WORK REQUEST: Word for word, please restate each record and pass over the pictures.

(Image-backed grounding data)
● ● ●

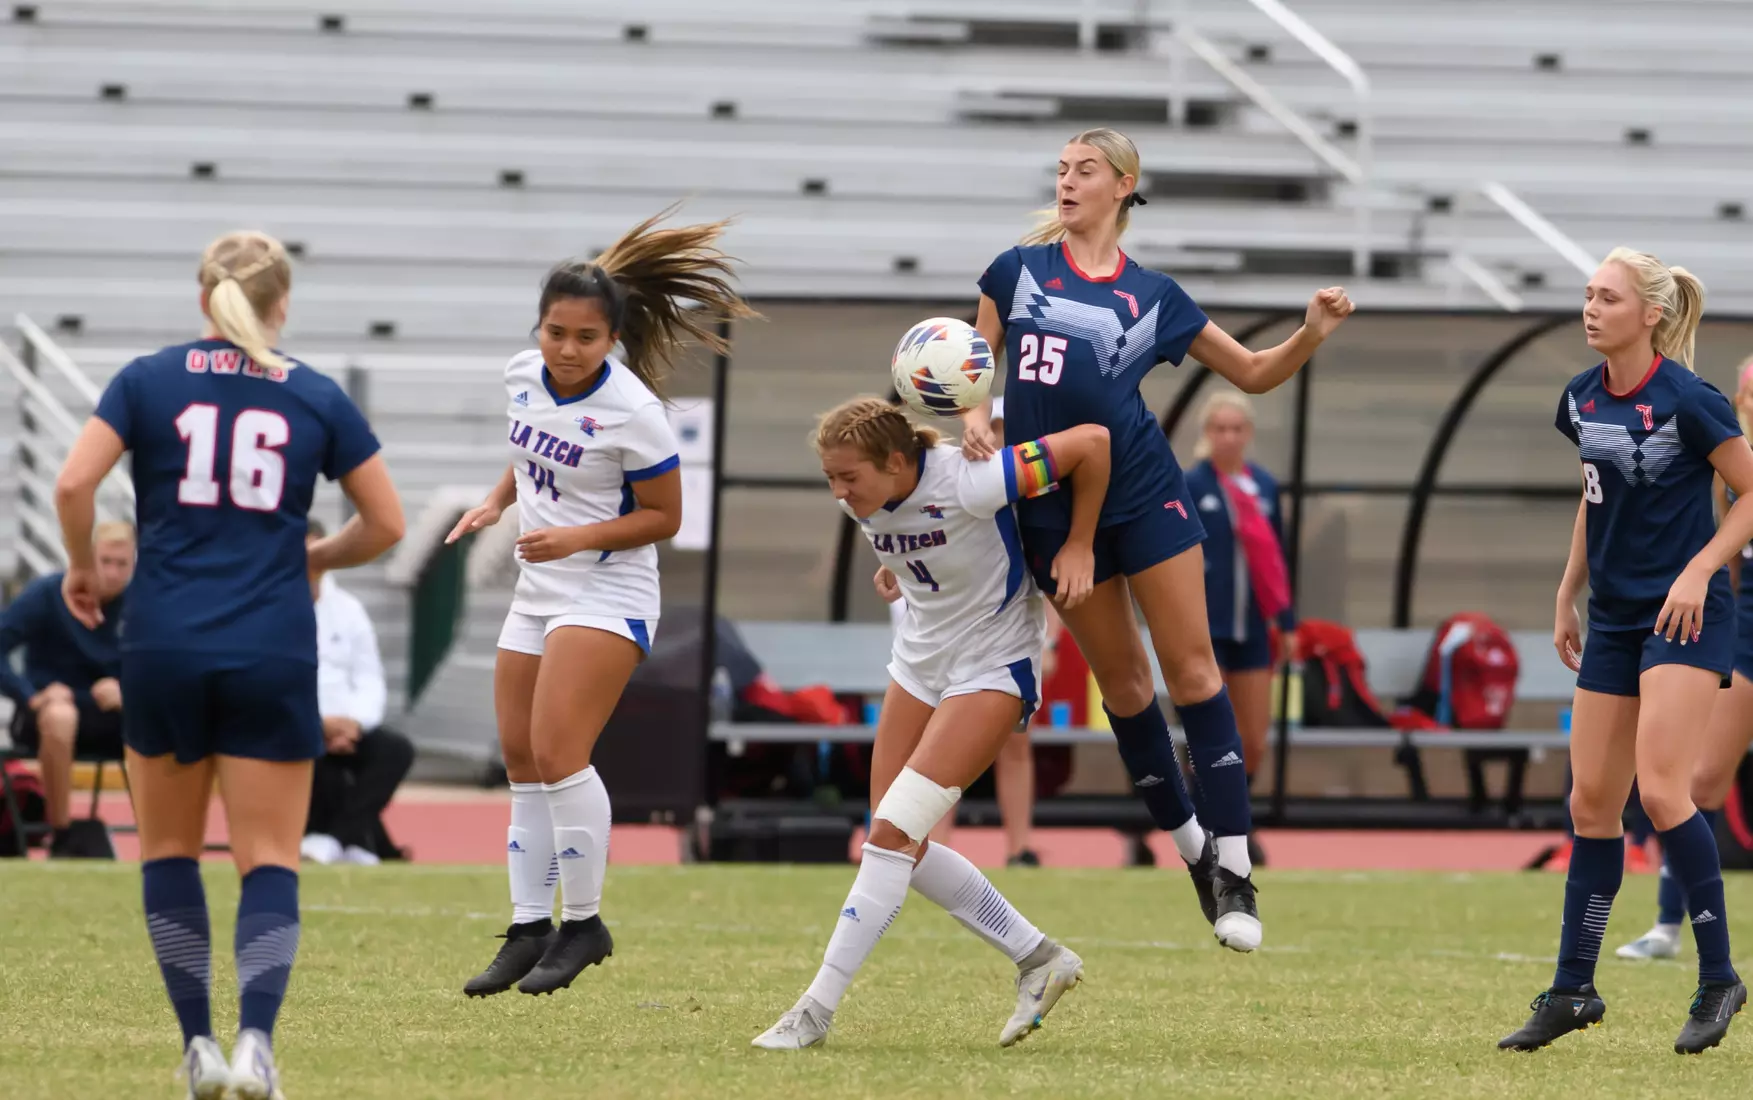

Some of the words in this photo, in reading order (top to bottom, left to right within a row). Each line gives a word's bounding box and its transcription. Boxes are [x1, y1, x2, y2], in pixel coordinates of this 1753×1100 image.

[1018, 333, 1068, 386] 25
[174, 401, 290, 513] 16
[509, 420, 533, 449] LA
[533, 430, 585, 468] TECH
[873, 533, 894, 554] LA
[897, 529, 947, 554] TECH
[906, 559, 940, 592] 4
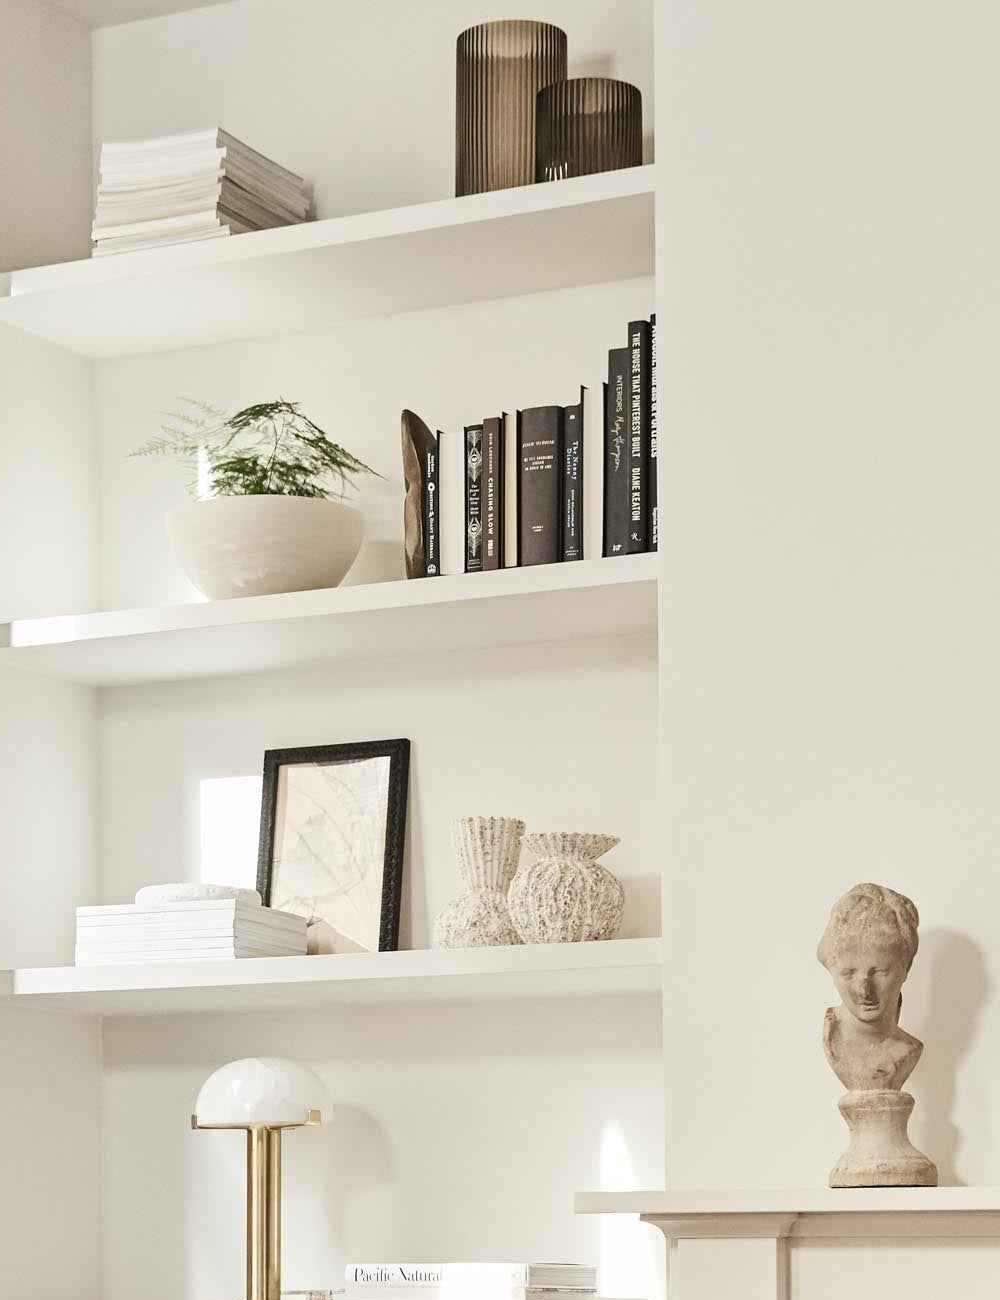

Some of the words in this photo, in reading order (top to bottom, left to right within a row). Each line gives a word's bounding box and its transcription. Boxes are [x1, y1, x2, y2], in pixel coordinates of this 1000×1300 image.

[631, 332, 641, 347] THE
[631, 348, 641, 374] HOUSE
[615, 374, 623, 413] INTERIORS
[631, 374, 641, 394] THAT
[631, 394, 641, 435] PINTEREST
[571, 440, 579, 455] The
[631, 436, 641, 458] BUILT
[631, 467, 641, 491] DIANE
[487, 478, 495, 511] CHASING
[631, 491, 641, 521] KEATON
[487, 513, 495, 535] SLOW
[353, 1265, 394, 1282] Pacific
[398, 1266, 443, 1282] Natura
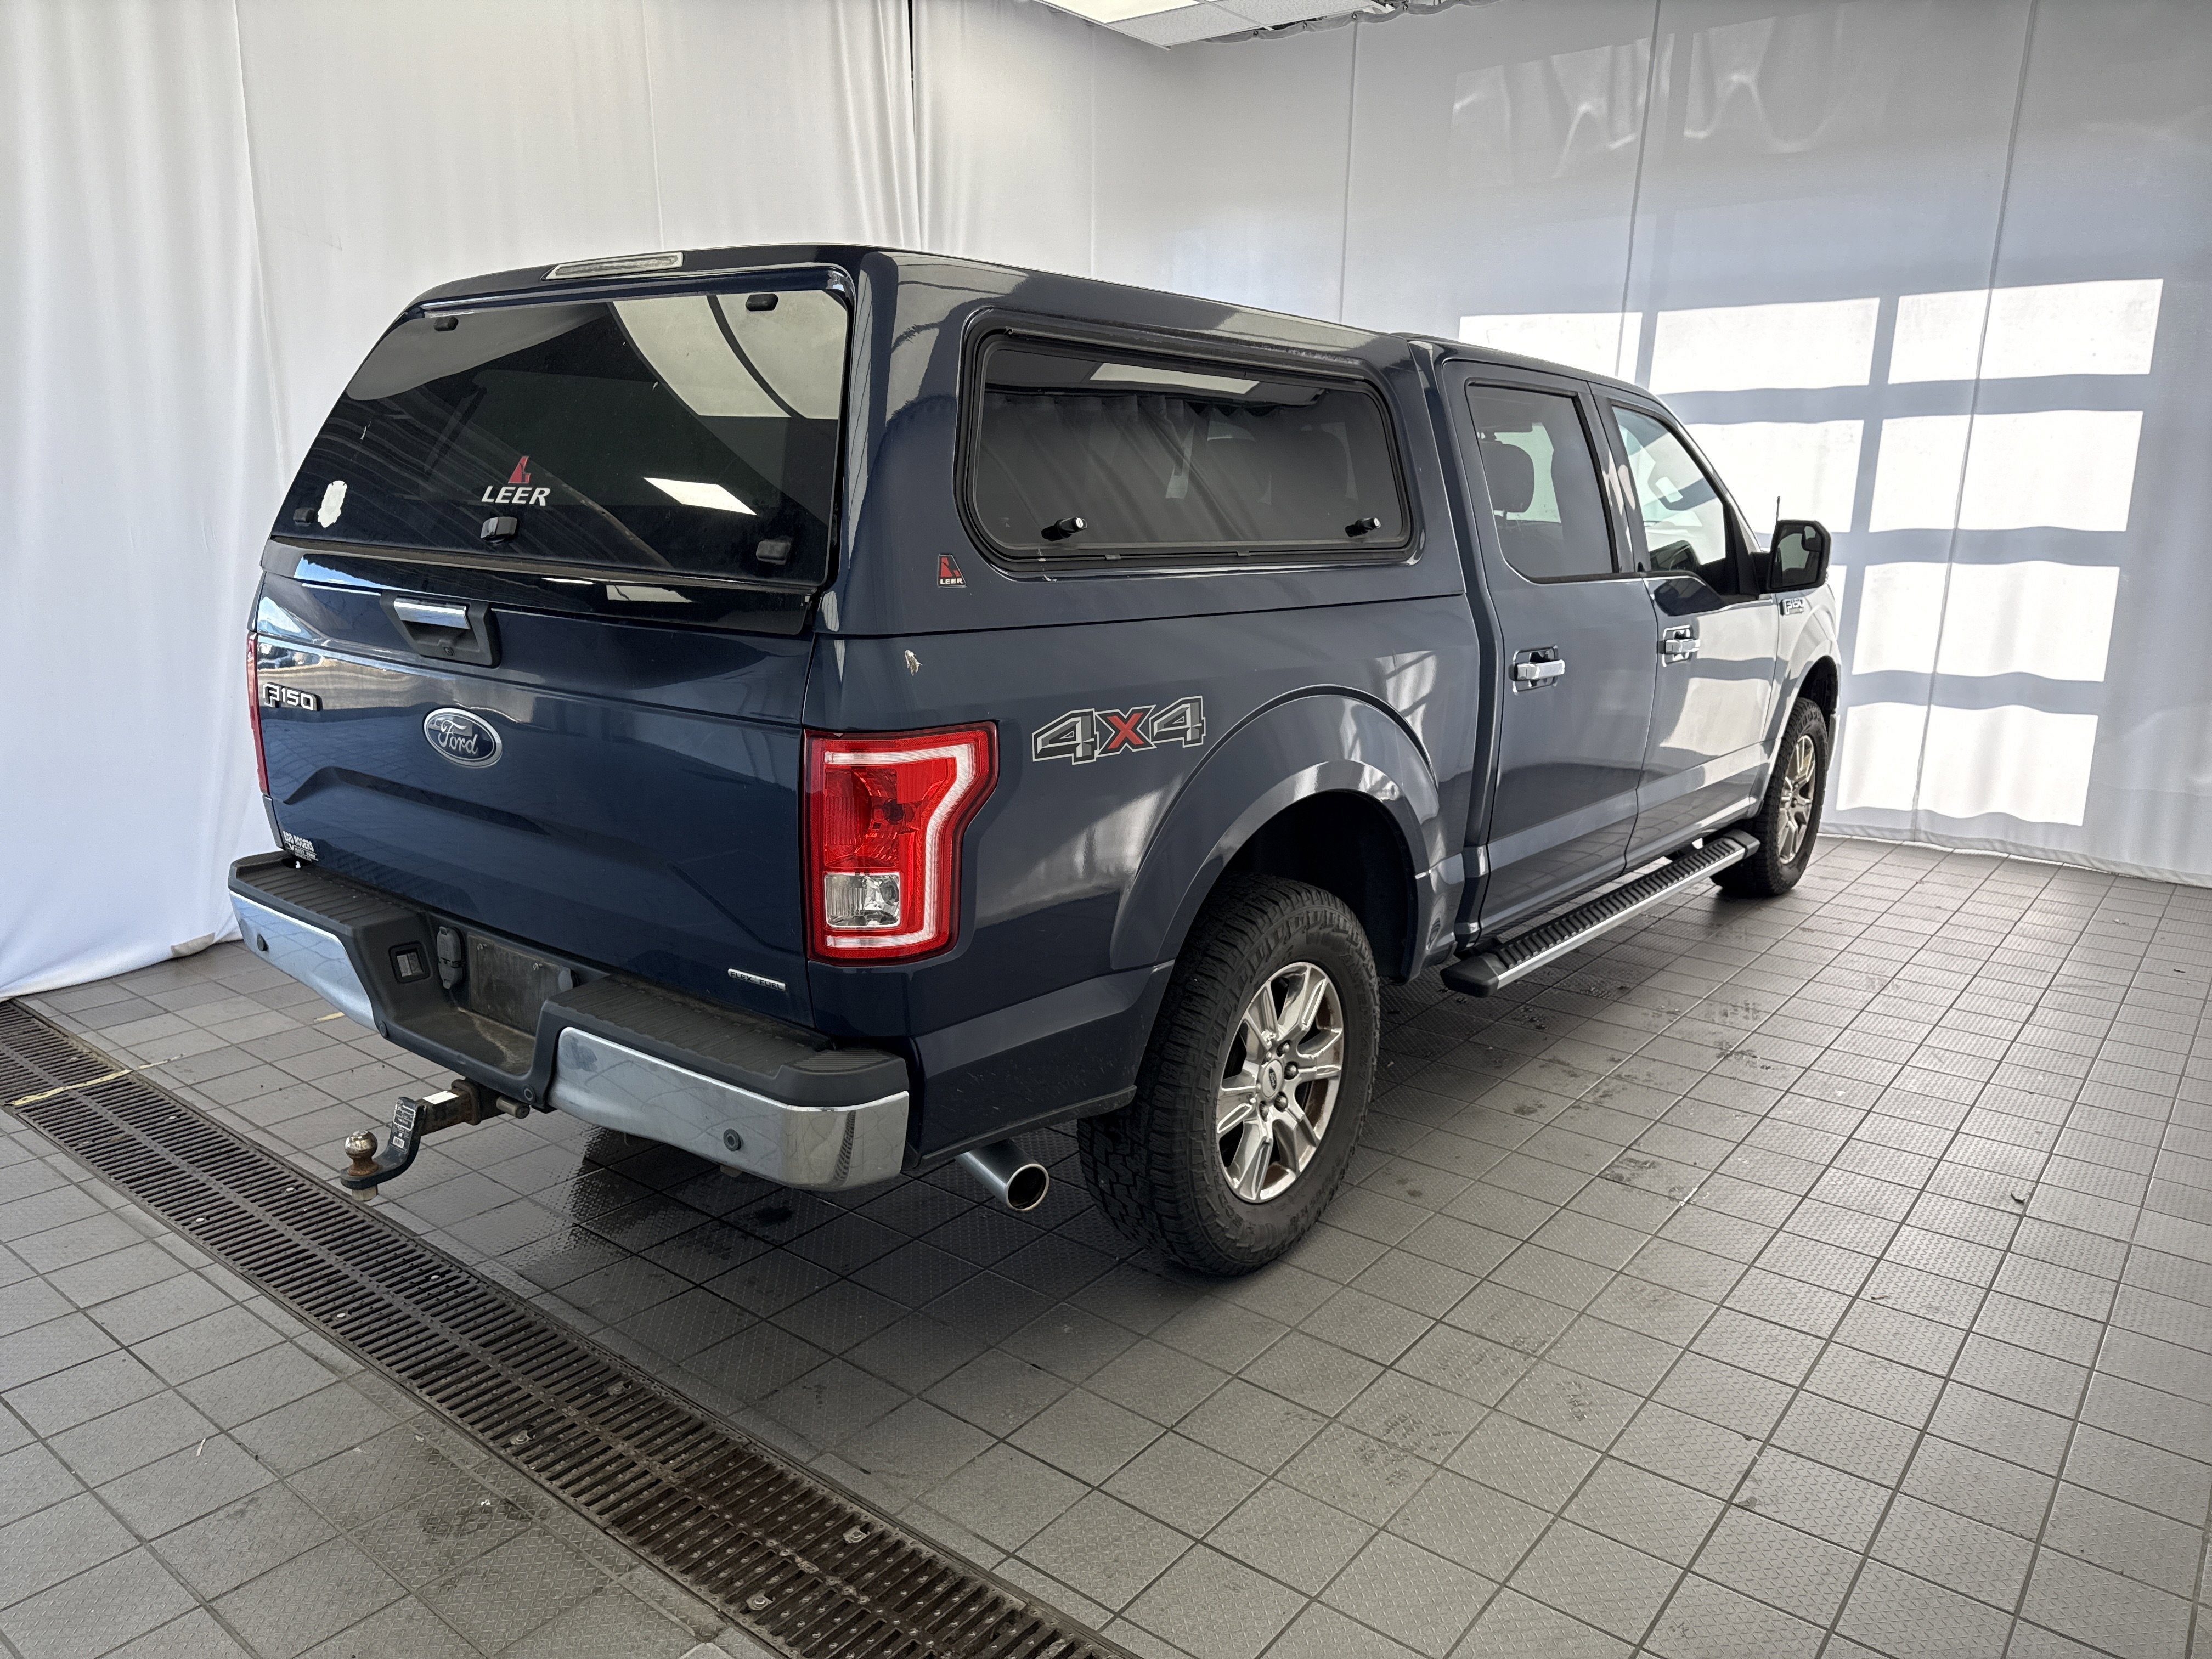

● ● ●

EXERCISE RESPONSE:
Some of the words in this photo, in reading order (top to bottom, left to right within a row). Each line gives a word's bounding box and its transcription. Boxes are [x1, y1, x2, y2], in pixel coordinates of this 1753×1100 image.

[1018, 333, 1068, 386] 25
[174, 401, 290, 513] 16
[509, 420, 533, 449] LA
[533, 430, 585, 468] TECH
[873, 533, 894, 554] LA
[897, 529, 947, 554] TECH
[906, 559, 940, 592] 4

Some of the words in this photo, in reading order (top to bottom, left to right within a row). Each line gives a word's bounding box and its transcription. Boxes are [x1, y1, x2, y2], in pixel coordinates of this 1000×1300 image.

[631, 332, 641, 347] THE
[631, 348, 641, 374] HOUSE
[615, 374, 623, 413] INTERIORS
[631, 374, 641, 394] THAT
[631, 394, 641, 435] PINTEREST
[571, 440, 579, 455] The
[631, 436, 641, 458] BUILT
[631, 467, 641, 491] DIANE
[487, 478, 495, 511] CHASING
[631, 491, 641, 521] KEATON
[487, 513, 495, 535] SLOW
[353, 1265, 394, 1282] Pacific
[398, 1266, 443, 1282] Natura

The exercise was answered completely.